§ **EXERCISE PROMPT**
Your answer should repeat the entries in full, exactly as given, with no pictures.

━━ TASK DATA ━━

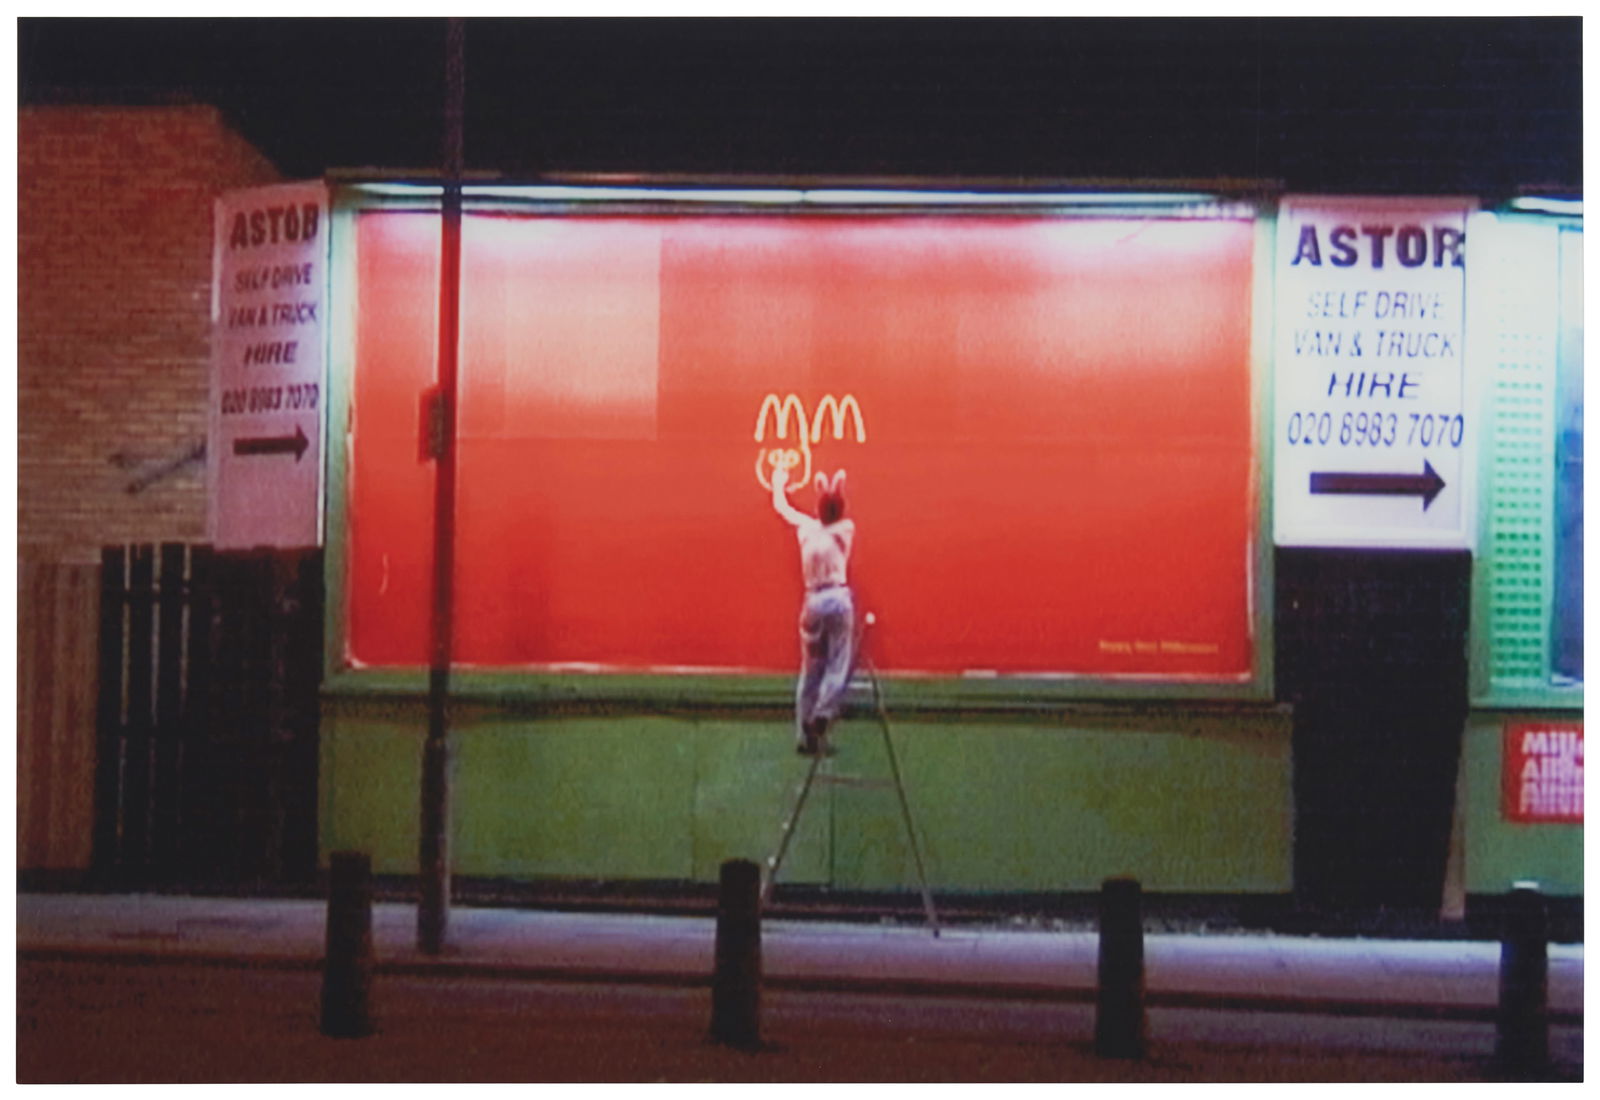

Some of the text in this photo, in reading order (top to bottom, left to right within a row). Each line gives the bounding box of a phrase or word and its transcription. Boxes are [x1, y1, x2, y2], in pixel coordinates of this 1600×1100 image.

[1291, 224, 1465, 269] ASTOR
[1307, 290, 1444, 319] SELF DRIVE
[243, 341, 298, 367] HIRE
[1295, 330, 1342, 356] VAN
[1376, 331, 1456, 357] TRUCK
[285, 382, 320, 410] 7070
[1327, 372, 1423, 398] HIRE
[1288, 411, 1464, 448] 020 8983 7070
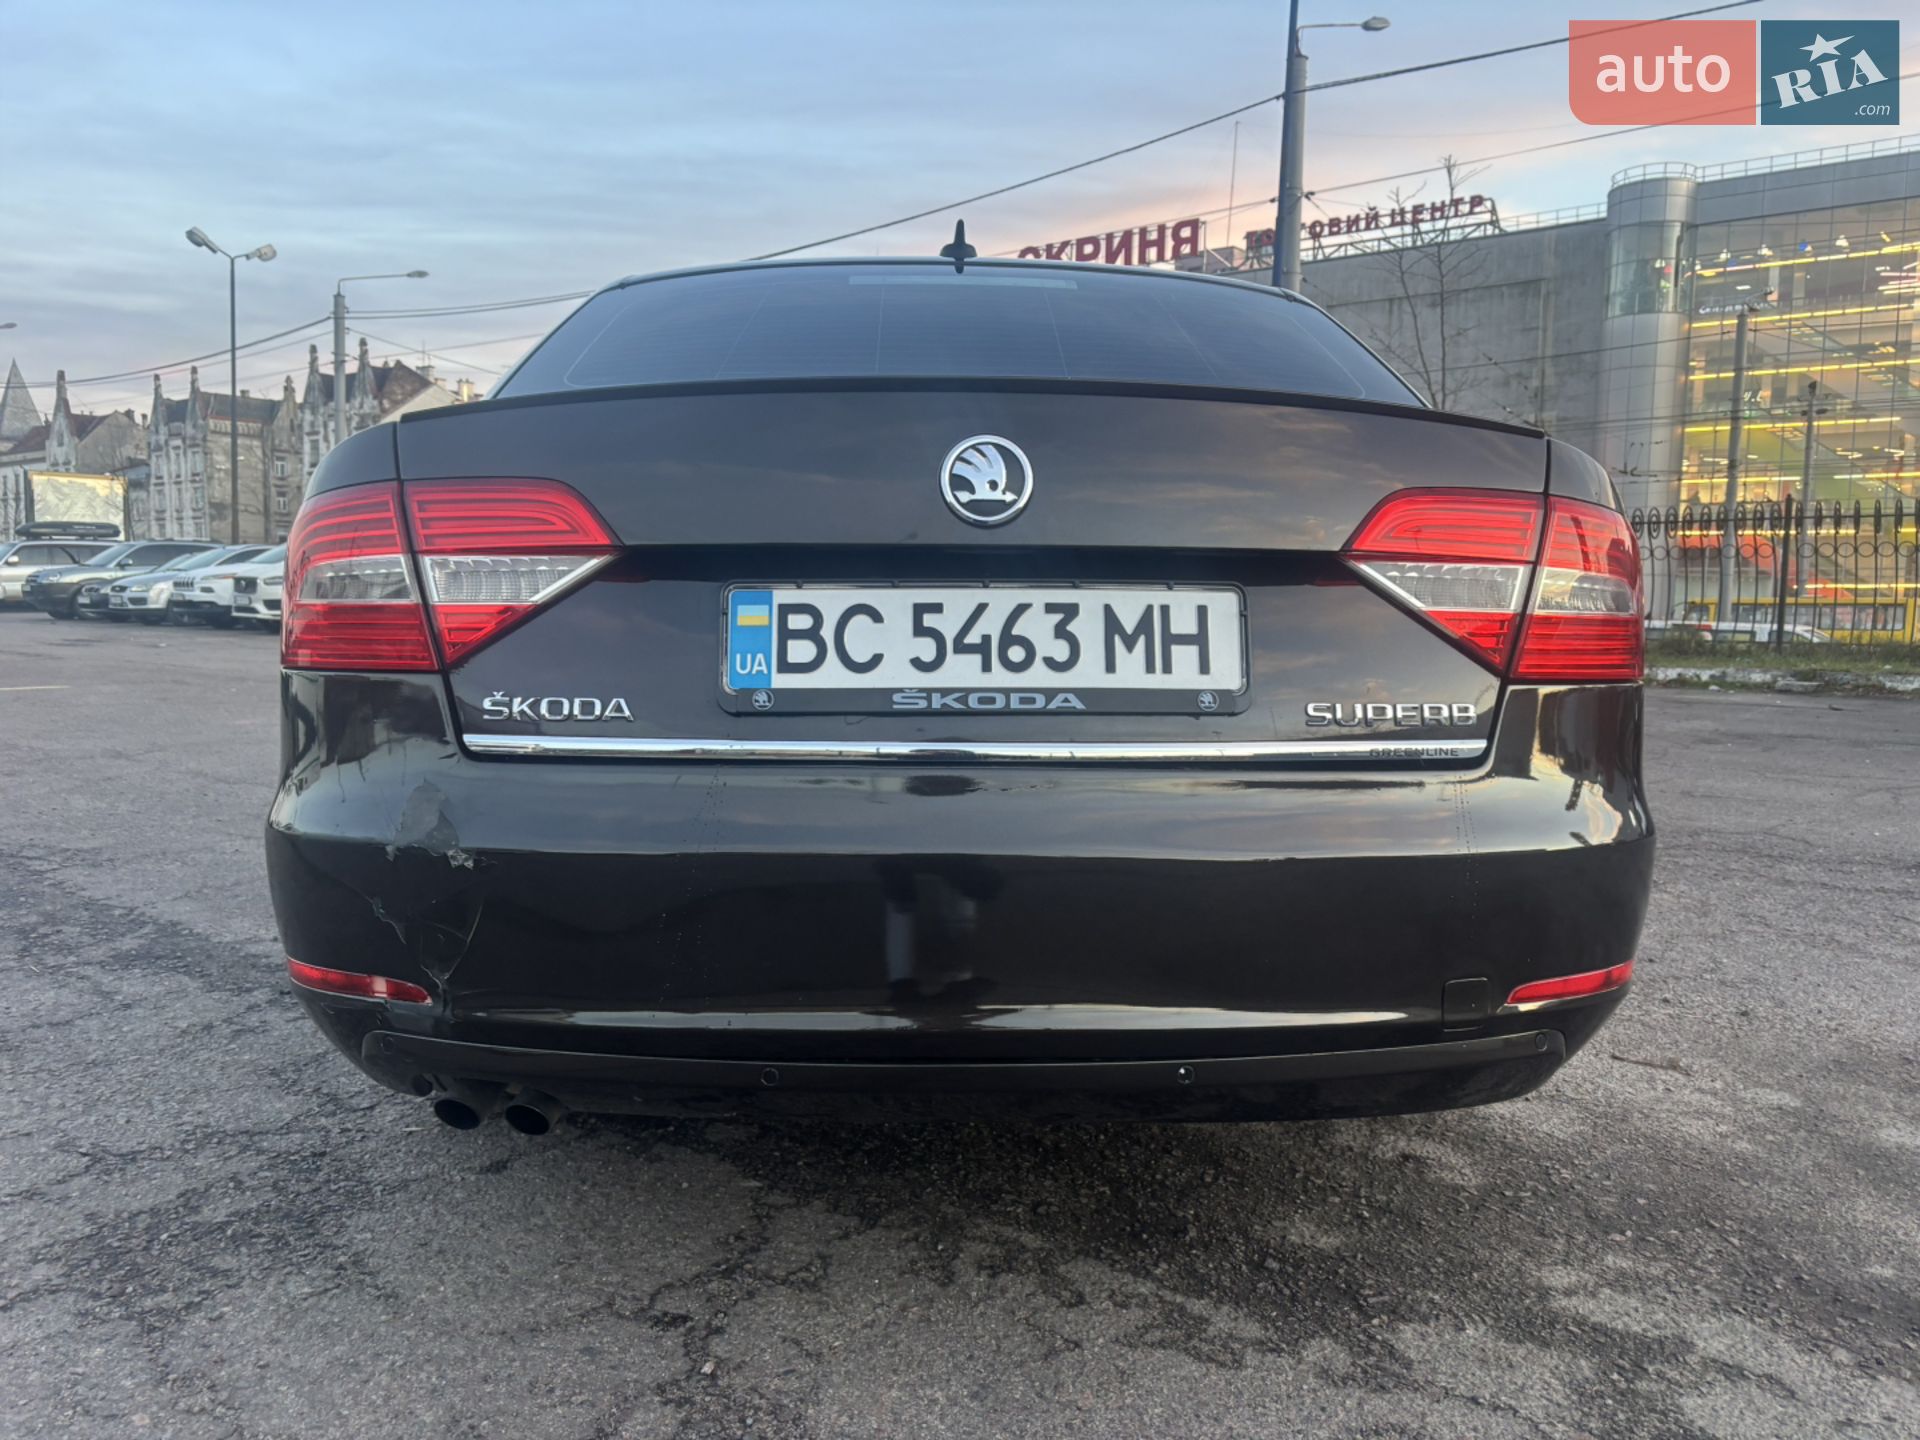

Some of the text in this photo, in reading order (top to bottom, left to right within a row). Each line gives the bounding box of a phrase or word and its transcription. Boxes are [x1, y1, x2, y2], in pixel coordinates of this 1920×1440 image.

[1246, 194, 1485, 248] ТООВИЙ ЦЕНТР
[776, 602, 1211, 675] BC 5463 MH
[735, 652, 769, 675] UA
[482, 690, 635, 721] ŠKODA
[892, 687, 1087, 710] ŠKODA
[1305, 702, 1478, 727] SUPERB
[1369, 747, 1460, 757] GREENLINE
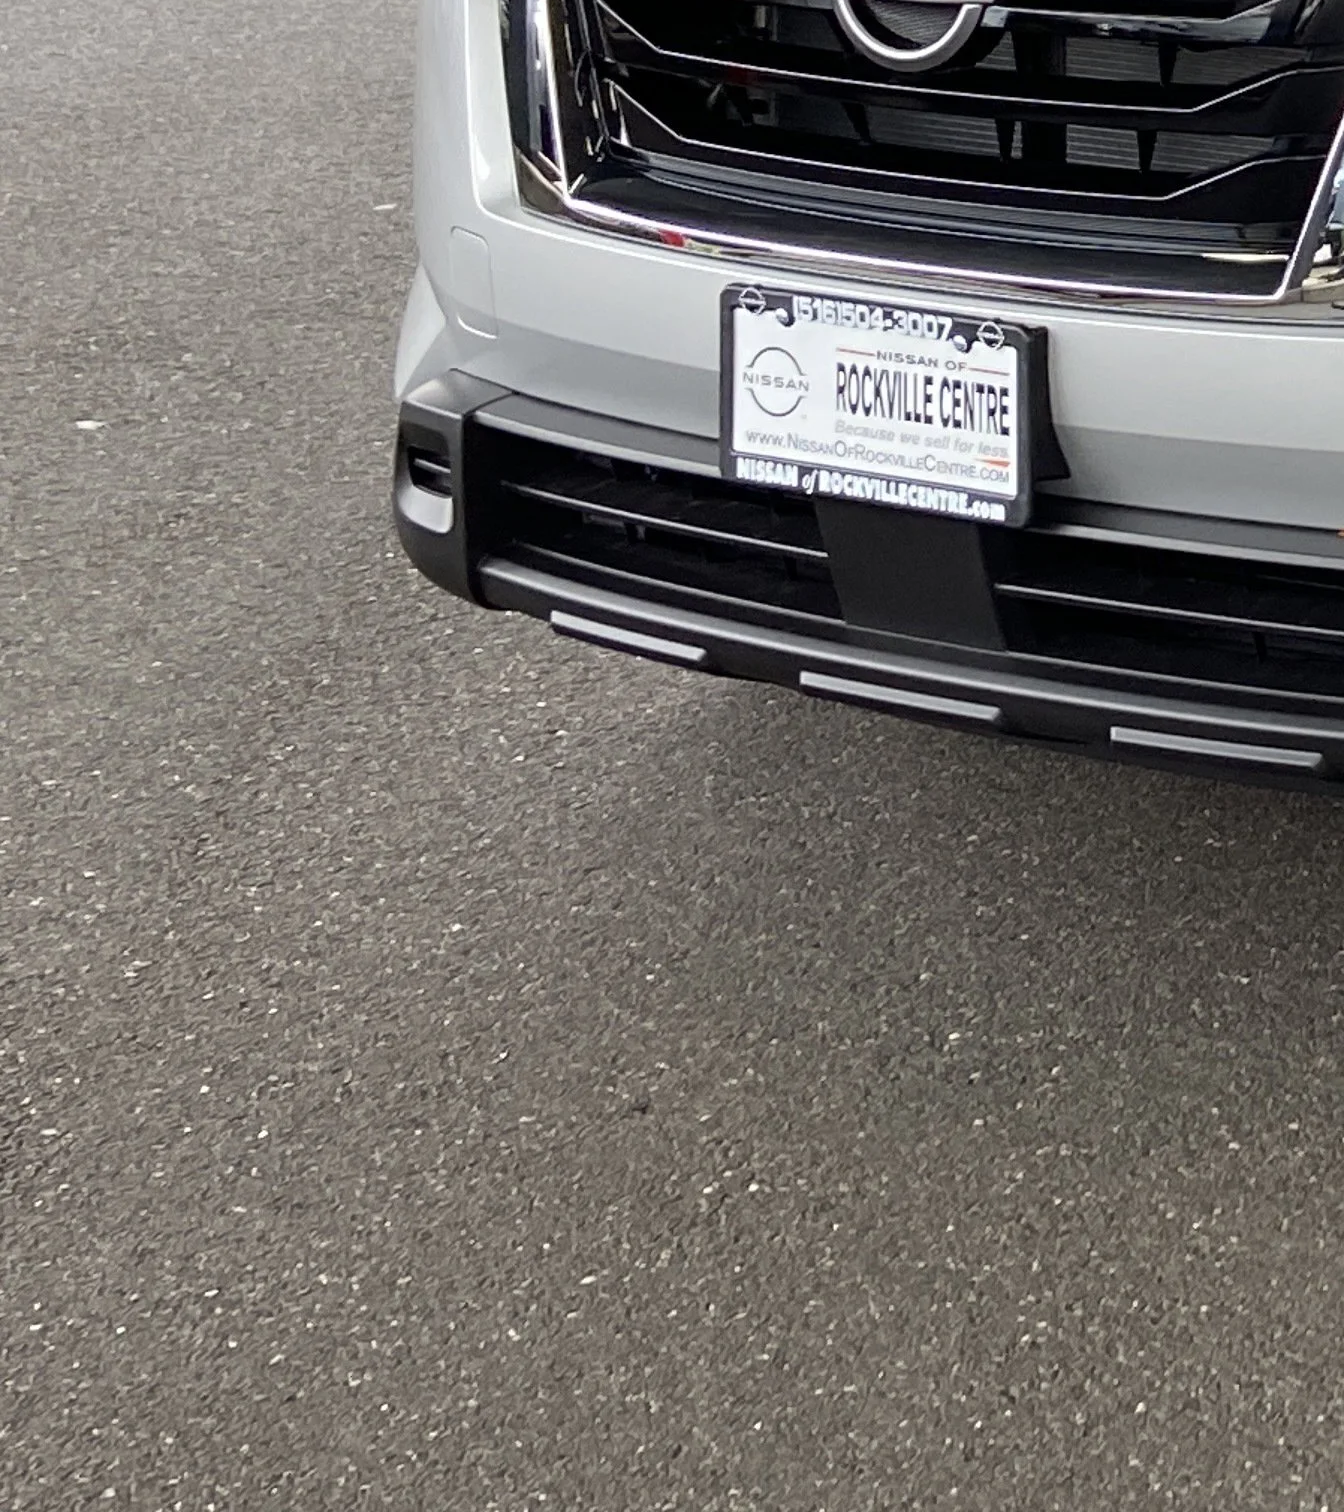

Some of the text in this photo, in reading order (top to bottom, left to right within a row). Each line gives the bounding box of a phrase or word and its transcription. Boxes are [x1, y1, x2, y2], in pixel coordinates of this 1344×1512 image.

[876, 350, 967, 370] NISSAN OF
[743, 371, 809, 392] NISSAN
[836, 362, 1010, 436] ROCKVILLE CENTRE
[736, 457, 799, 488] NISSAN
[801, 469, 819, 495] of

━━━

§ **SOLUTION TO THIS EXERCISE**
Some of the text in this photo, in reading order (top to bottom, left to right within a row). Each line gives the bounding box of a phrase or word and its transcription. Boxes are [x1, y1, x2, y2], in pixel coordinates of this 1600×1100 image.

[1291, 224, 1465, 269] ASTOR
[1307, 290, 1444, 319] SELF DRIVE
[243, 341, 298, 367] HIRE
[1295, 330, 1342, 356] VAN
[1376, 331, 1456, 357] TRUCK
[285, 382, 320, 410] 7070
[1327, 372, 1423, 398] HIRE
[1288, 411, 1464, 448] 020 8983 7070

Some of the text in this photo, in reading order (top to bottom, left to right within a row). Each line gives the bounding box of a phrase or word and its transcription. Boxes are [x1, y1, x2, y2], in pixel coordinates of this 1920×1440 image.

[1246, 194, 1485, 248] ТООВИЙ ЦЕНТР
[776, 602, 1211, 675] BC 5463 MH
[735, 652, 769, 675] UA
[482, 690, 635, 721] ŠKODA
[892, 687, 1087, 710] ŠKODA
[1305, 702, 1478, 727] SUPERB
[1369, 747, 1460, 757] GREENLINE

Some of the text in this photo, in reading order (top to bottom, left to right within a row). Each line gives the bounding box of a phrase or word and its transcription. Boxes are [x1, y1, x2, y2], in pixel coordinates of this 1344×1512 image.

[876, 350, 967, 370] NISSAN OF
[743, 371, 809, 392] NISSAN
[836, 362, 1010, 436] ROCKVILLE CENTRE
[736, 457, 799, 488] NISSAN
[801, 469, 819, 495] of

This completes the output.